Севастополь. Памятник затопленным кораблям. Фото автора
То время, о котором мы здесь говорим, святитель Филарет Московский в письме графу Андрею Николаевичу Муравьеву (1862) сравнил с туманом. «Мы дожили до какого-то туманного времени. Мгла покрывает умы. В одних видишь неожиданное, в других не видишь ожидаемого». В том же самом году игумен Антоний Бочков писал своему постоянному корреспонденту святителю Игнатию Брянчанинову:
«Достигнув какого-то академического тысячелетия, Россия видит… что видит она? Простой народ почти в язычестве, наполовину в расколе; высшее общество в безверии; пастырей Церкви, лишенных доверия стада; повсюду разорение, бедность; на берегах Балтийского и Черного моря никому не нужные сады и дворцы, а между этими морями прежние и древние русские города, постепенно опустевающие. […] В полтораста лет Россия что-то делала, куда-то зашла, и сама не знает, что и куда? Но устала, изнемогла, истощилась во всем: непременно надобно стать теперь, потому что шагу нельзя сделать вперед; надобно отдохнуть, собраться с силами, на что-нибудь опереться; – но где опора? Где цель нашего царства? […] Едва ли не настает для нас царство Валтасара после царства Навуходоносорова. Со времени Петра… Церковь только из политики поддерживалась, хотя Господь поддерживал ее иначе: бедами, холерами, чумами, Двенадцатым годом и Своими судьбами, нам не явленными».

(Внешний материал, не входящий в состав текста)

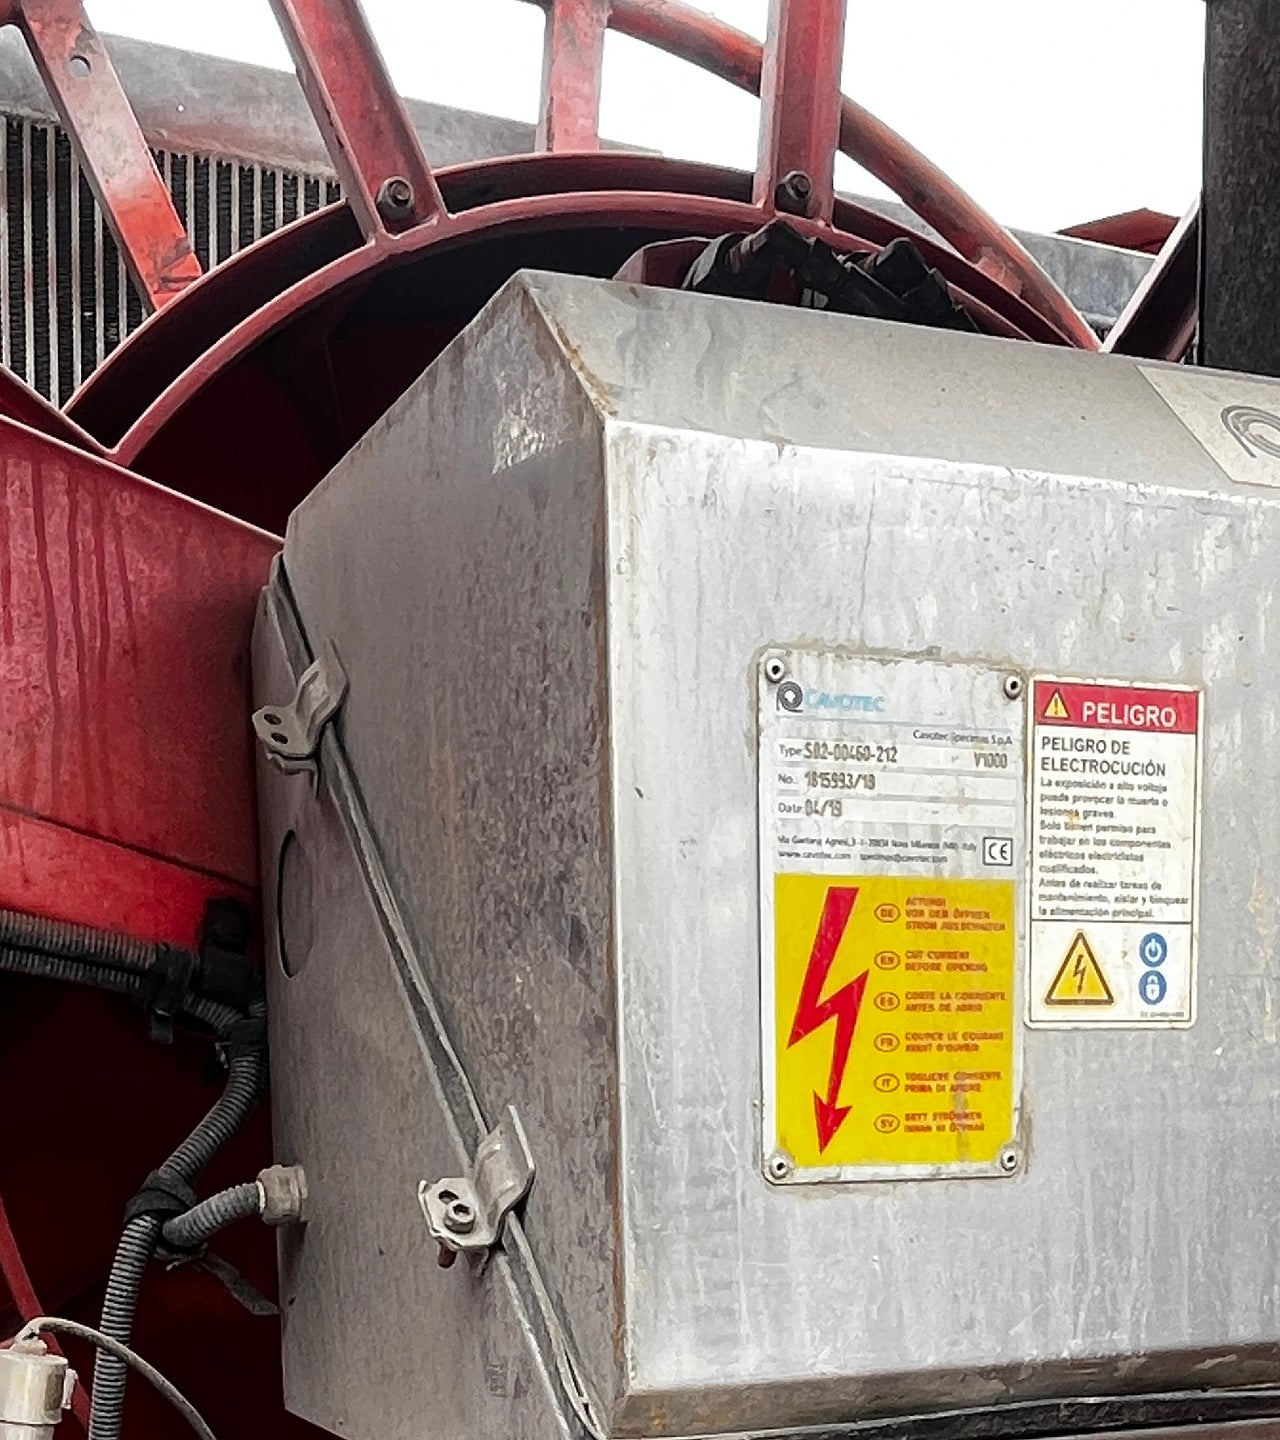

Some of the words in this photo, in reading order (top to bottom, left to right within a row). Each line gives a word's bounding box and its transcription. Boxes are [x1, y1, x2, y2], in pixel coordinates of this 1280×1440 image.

Что же отвечал епископ игумену?
«Все совершающееся совершается под недремлющими взорами Всеблагого и Всемогущего Бога, одно по воле Божией, другое по попущению Божию. […] Попущение соблазнов, как логичное следствие употребления произвольного человеками их свободы или воли и как казнь, сама собою вытекающая из злоупотребления воли (так как Богом и дана свобода воли, и вместе дан закон, как употреблять ее), должно созерцать с благоговением, покорностию, исповеданием своей греховности и правосудия Божия».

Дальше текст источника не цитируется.